Kommentar von Hilal Sezgin

Warum berührt uns das Leid von Tieren erst, wenn es für uns sichtbar wird? Aufzucht, Mast, Transport und Schlachtung finden unter weitestgehender Abschottung nach außen statt.

V ergangene Woche, im Radio, bekam man die Geschichte eines Schweins zu hören. Einer Sau auf dem Weg zum Schlachter; irgendwie entkam sie dem Transporter bei der Auffahrt zur Autobahn. Die Polizei wurde alarmiert, und laut Radiomeldung halfen unheimlich viele "hilfsbereite" Menschen dabei, die Sau wieder einzufangen. Ein Landwirt verstellte ihr mit seinem Traktor den Weg, in ihrer Angst biss sie einen der Helfer, und am Abend landete sie doch noch beim Schlachter.

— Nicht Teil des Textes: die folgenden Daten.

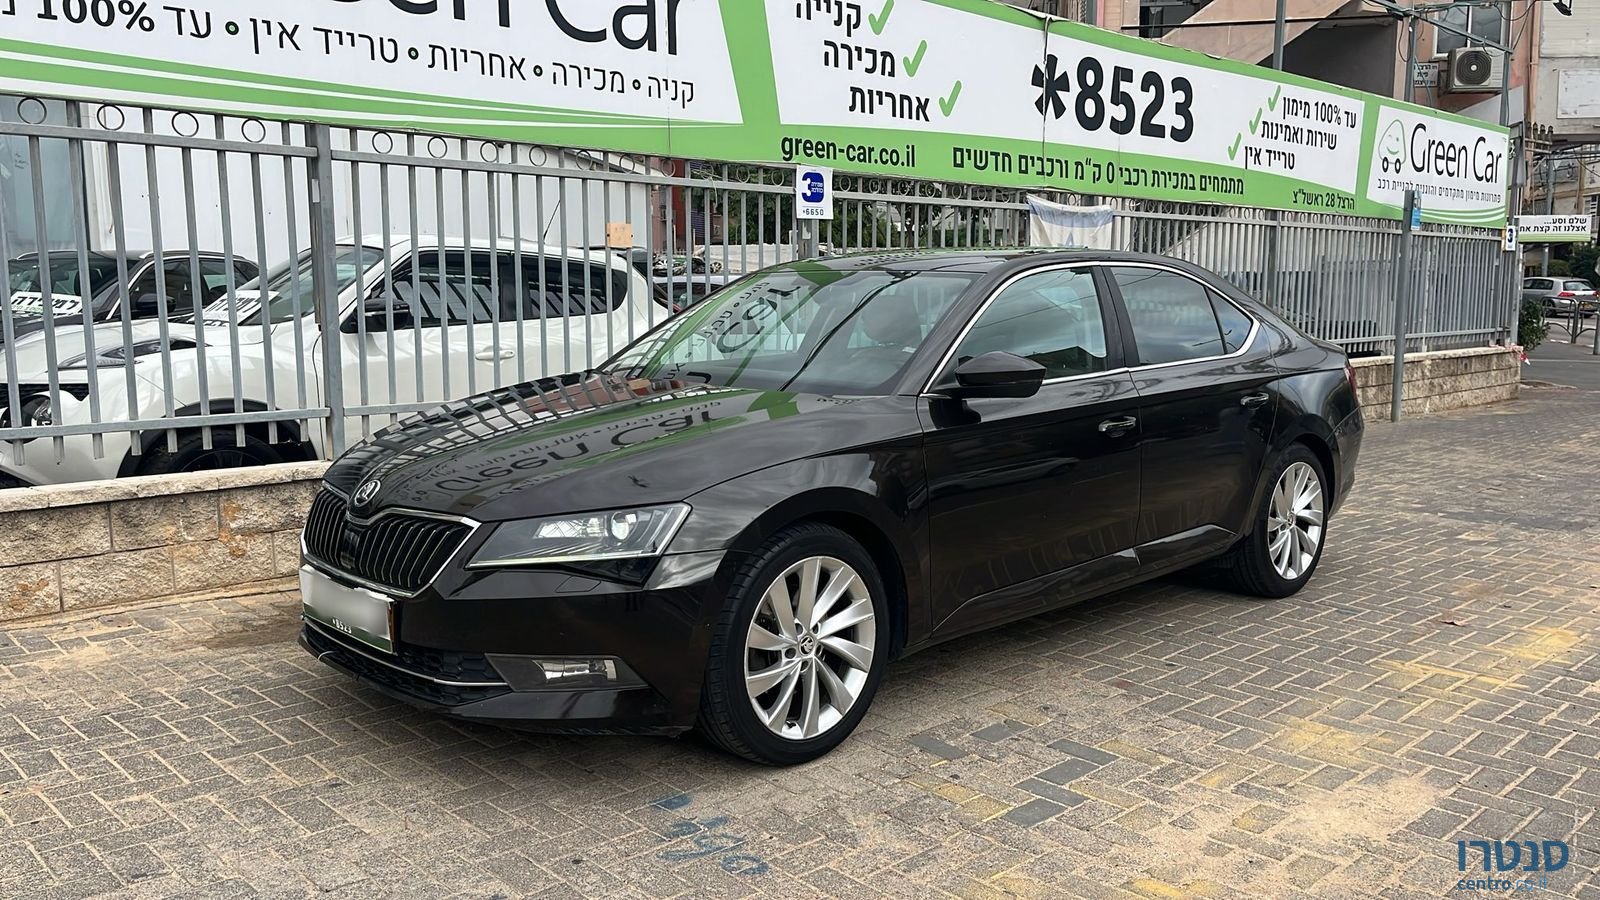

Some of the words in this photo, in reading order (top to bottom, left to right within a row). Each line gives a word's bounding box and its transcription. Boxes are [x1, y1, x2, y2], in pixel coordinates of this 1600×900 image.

Der Radiomoderator erzählte diese Geschichte halb launig, halb bedauernd. Seine Loyalität gelte der tapferen Sau, sagte er, sie sei seine eigentliche Heldin. Vermutlich haben viele Hörer so gedacht, vielleicht sogar einige der Helfer. Doch wenn man jemanden – und seis "nur" ein Tier –, der vor seinem sicheren Tod auf der Flucht ist, wieder einfangen hilft: Ist das wirklich Hilfsbereitschaft? Ich könnte mir vorstellen, dass es auch manchen Helfern leidtat zu wissen, wo die Flüchtende enden würde. Vielleicht haben sie sich sogar zugeredet, sie seien verpflichtet zu helfen, weil das Schwein sonst auf die Autobahn hätte rennen können. Eine Gefahr für die Menschen in den Autos und eine Gefahr für sich selbst; überfahren zu werden, ist schließlich auch kein schöner Tod.

Kann man sich aber vorstellen, dass sich die Umstehenden gar nicht von der Todesangst des Tiers anrühren ließen? Einige ließ sie vielleicht kalt, aber die Mehrheit: kaum. Jeder von uns, auch der Landwirt, der Fleischesser oder viele Metzger kennen die Angst und den Schmerz beim Tier. Bloß konsequent sind wir Menschen hier – wie bei vielem anderen – halt nicht.

Bild: privat

Hilal Sezgin lebt als Publizistin in der Lüneburger Heide. Mit dem ägyptischen Islamwissenschaftler Nasr Hamid Abu Zaid veröffentlichte sie 2008 das Buch "Mohammed und die Zeichen Gottes. Der Koran und die Zukunft des Islam". In ihrer letzten Kolumne schrieb sie über Krieg und Sex in Irak und Afghanistan.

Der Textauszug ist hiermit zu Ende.